HC Deb 17 May 1888 vol 326 cc535-6
DR. TANNER (Cork Co., Mid)

asked the Chief Secretary to the Lord Lieutenant of Ireland, Whether his attention has been directed to a sentence imposed at New market Petty Sessions on last Friday, by Mr. O'Neill Segrave, R.M., and W. Monan, Esquire, upon a man named Daniel Pigott, of six months' imprisonment with hard labour; and, whether the statement made by Sergeant Walton, of the Royal Irish Constabulary, that the man was said to be of unsound mind, and was some time previously to have been sent to a lunatic asylum, will procure a medical investigation of the man's mental condition prior to the carrying out of the sentence?

THE CHIEF SECRETARY (Mr. A. A. BALFOUR) (Manchester, E.)

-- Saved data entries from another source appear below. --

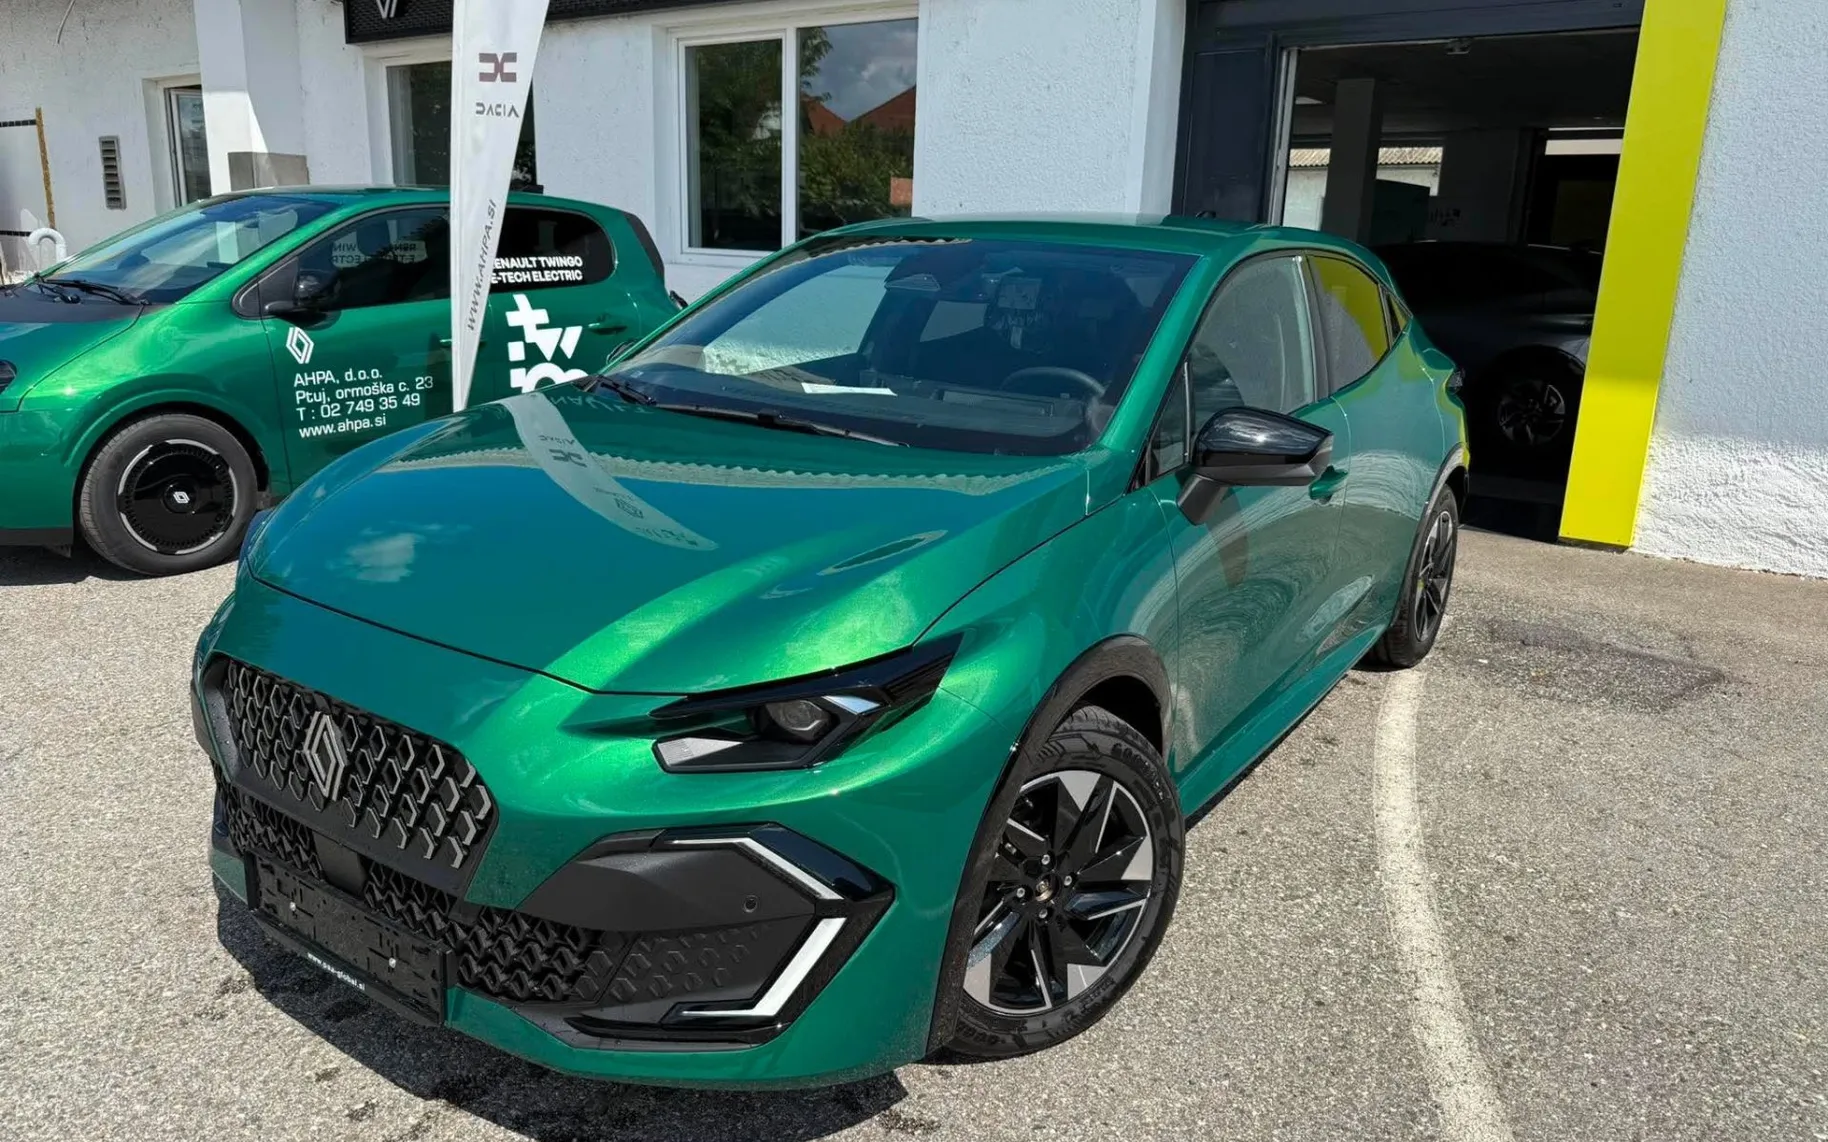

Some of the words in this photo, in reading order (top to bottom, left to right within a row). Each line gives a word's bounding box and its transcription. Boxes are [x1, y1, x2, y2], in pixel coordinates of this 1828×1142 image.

[475, 102, 519, 118] DACIA
[467, 199, 498, 331] WWW.AHPA.SI
[493, 257, 538, 269] ENAULT
[538, 256, 583, 268] TWINGO
[491, 271, 531, 284] E-TECH
[532, 270, 583, 282] ELECTRIC
[294, 370, 340, 387] AHPA,
[344, 368, 383, 382] d.o.o.
[295, 388, 331, 405] Ptuj,
[335, 381, 395, 399] ormoška
[398, 382, 410, 392] c.
[415, 376, 434, 390] 23
[320, 403, 341, 418] 02
[345, 399, 375, 414] 749
[379, 396, 398, 410] 35
[402, 393, 421, 406] 49
[299, 413, 387, 438] www.ahpa.si

I am afraid I cannot give the hon. Member any information on the subject at the present moment.

DR. TANNER

When will it be convenient to the right hon. Gentleman to answer?

[No reply.]

DR. TANNER (appealing to the Deputy Speaker)

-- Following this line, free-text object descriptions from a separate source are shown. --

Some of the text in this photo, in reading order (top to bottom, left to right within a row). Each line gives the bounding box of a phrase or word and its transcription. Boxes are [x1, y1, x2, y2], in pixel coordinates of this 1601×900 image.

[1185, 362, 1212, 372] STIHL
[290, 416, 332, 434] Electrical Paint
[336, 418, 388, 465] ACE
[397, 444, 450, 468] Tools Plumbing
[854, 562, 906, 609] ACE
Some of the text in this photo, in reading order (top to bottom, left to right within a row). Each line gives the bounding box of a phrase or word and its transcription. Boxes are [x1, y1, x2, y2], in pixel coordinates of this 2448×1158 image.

Mr. Courtney, may I ask the right hon. Gentleman to be courteous enough to give me an answer?

MR. A. J. BALFOUR

The hon. Member is the last person in the House I should desire to be discourteous to. I cannot give any answer at present, as I have not got the requisite materials by me.

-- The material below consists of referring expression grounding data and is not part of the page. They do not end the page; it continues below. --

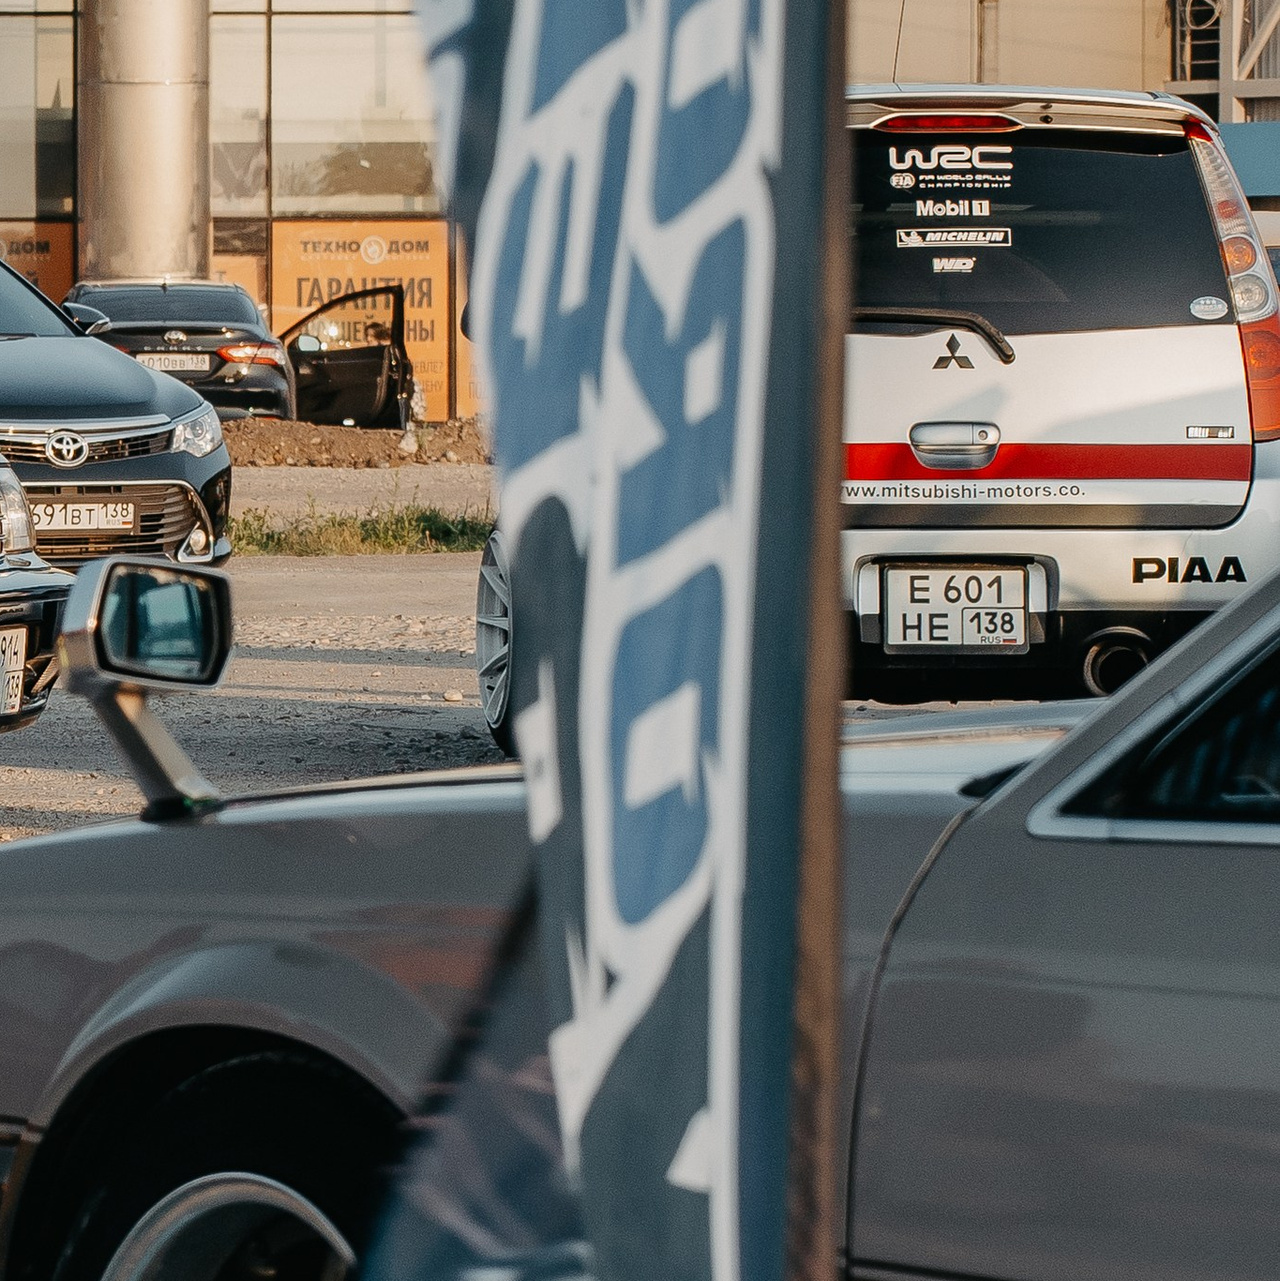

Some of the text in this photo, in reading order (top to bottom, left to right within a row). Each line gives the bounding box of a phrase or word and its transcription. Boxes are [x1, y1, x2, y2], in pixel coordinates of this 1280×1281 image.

[888, 145, 1013, 169] WRC
[915, 199, 970, 216] Mobil
[300, 240, 430, 254] ТЕХНО ДОМ
[925, 231, 1005, 242] MICHELIN
[296, 276, 432, 311] ГАРАНТИЯ
[100, 502, 129, 518] 138
[1131, 556, 1247, 584] PIAA
[944, 575, 1003, 605] 601
[969, 611, 1015, 634] 138
[980, 636, 1001, 645] RUS
[4, 675, 20, 701] 138
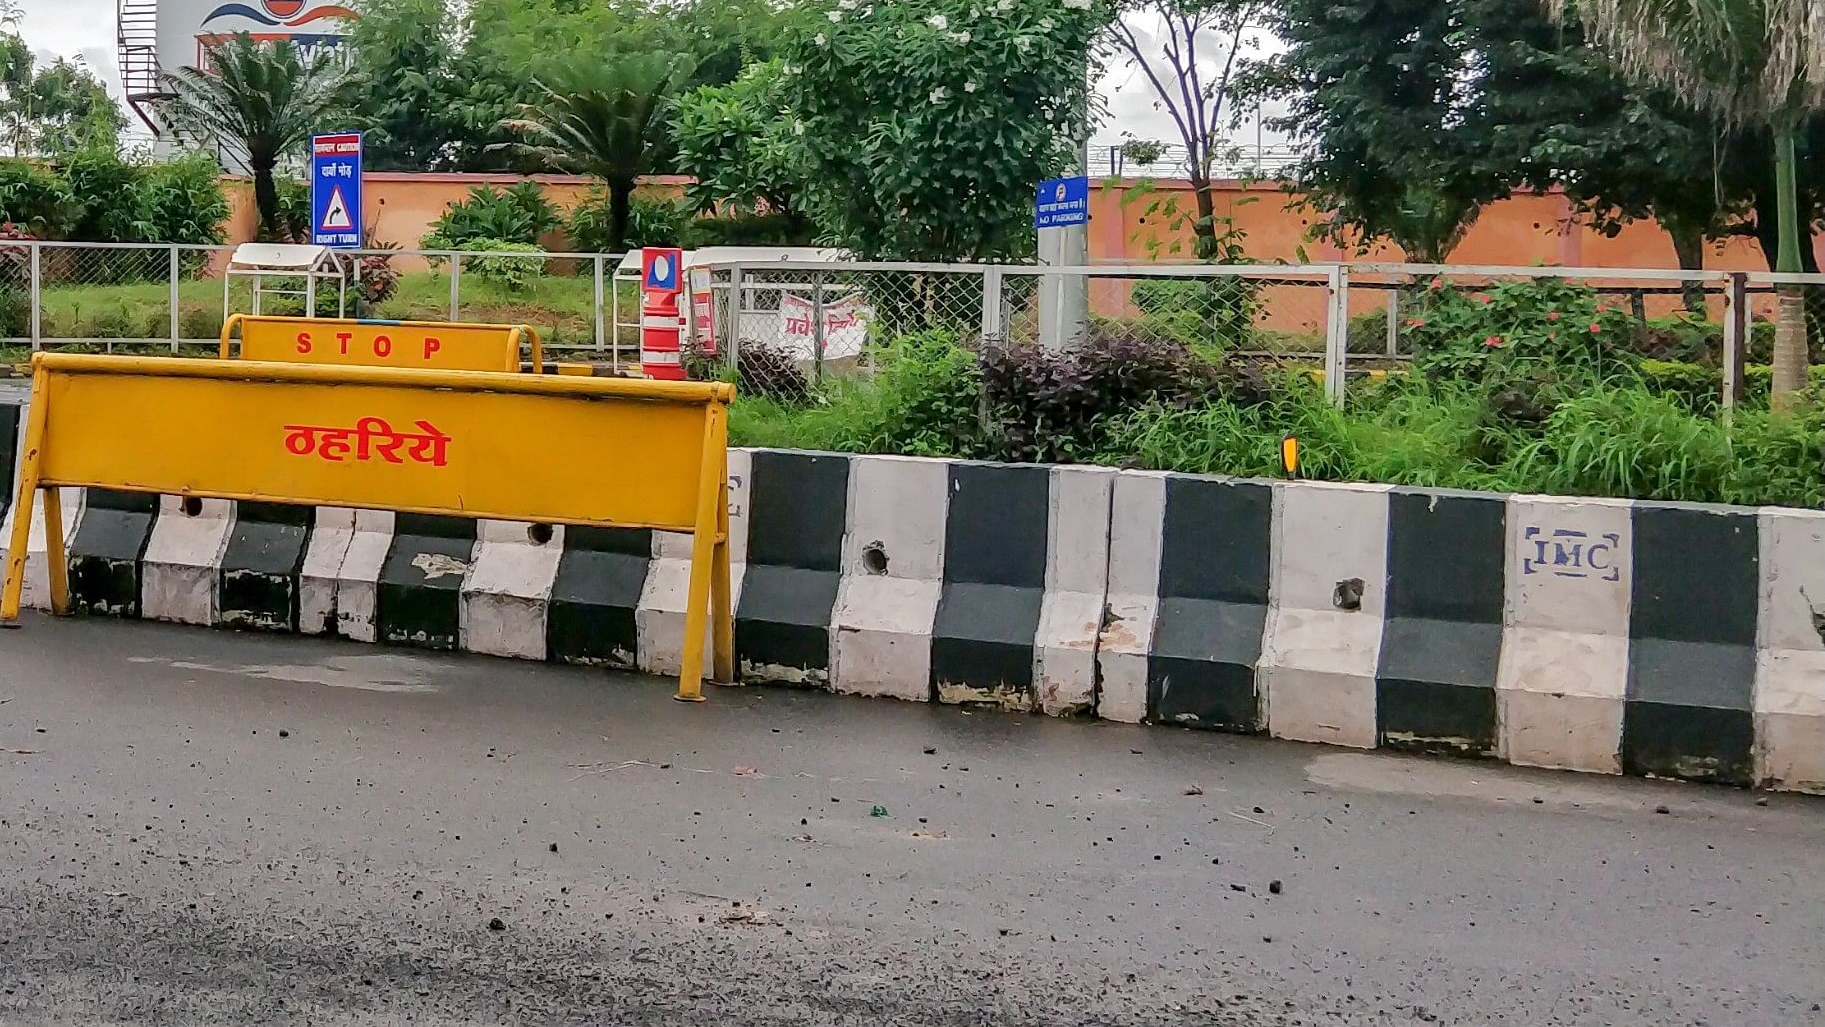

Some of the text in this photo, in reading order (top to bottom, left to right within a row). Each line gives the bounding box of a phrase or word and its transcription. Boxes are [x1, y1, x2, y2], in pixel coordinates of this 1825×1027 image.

[1040, 212, 1084, 224] NO PARKING
[316, 234, 357, 244] RIGHT TURN
[295, 330, 442, 360] STOP
[284, 416, 453, 467] ठहरिये
[1534, 540, 1609, 570] IMC

Subsequently, Dr. TANNER repeated the Question.

MR. A. J. BALFOUR

This case was heard before Captain Segrave, R.M., and a local Justice of the Peace, Mr. Langford. Pigott was charged with having committed a most dangerous assault on his wife with a spade, causing serious injuries to her head. Sergeant Walton stated that the man had once been examined by a medical man, who refused to certify that he was not of sound mind, but that he (the sergeant) thought he was not always in his right senses. There does not appear to have been any evidence that he had been in a lunatic asylum. The sentence was as stated in the Question. Should the Prison Authorities have any reason to doubt the man's sanity, they will, of course, take such steps as they may deem necessary in his case.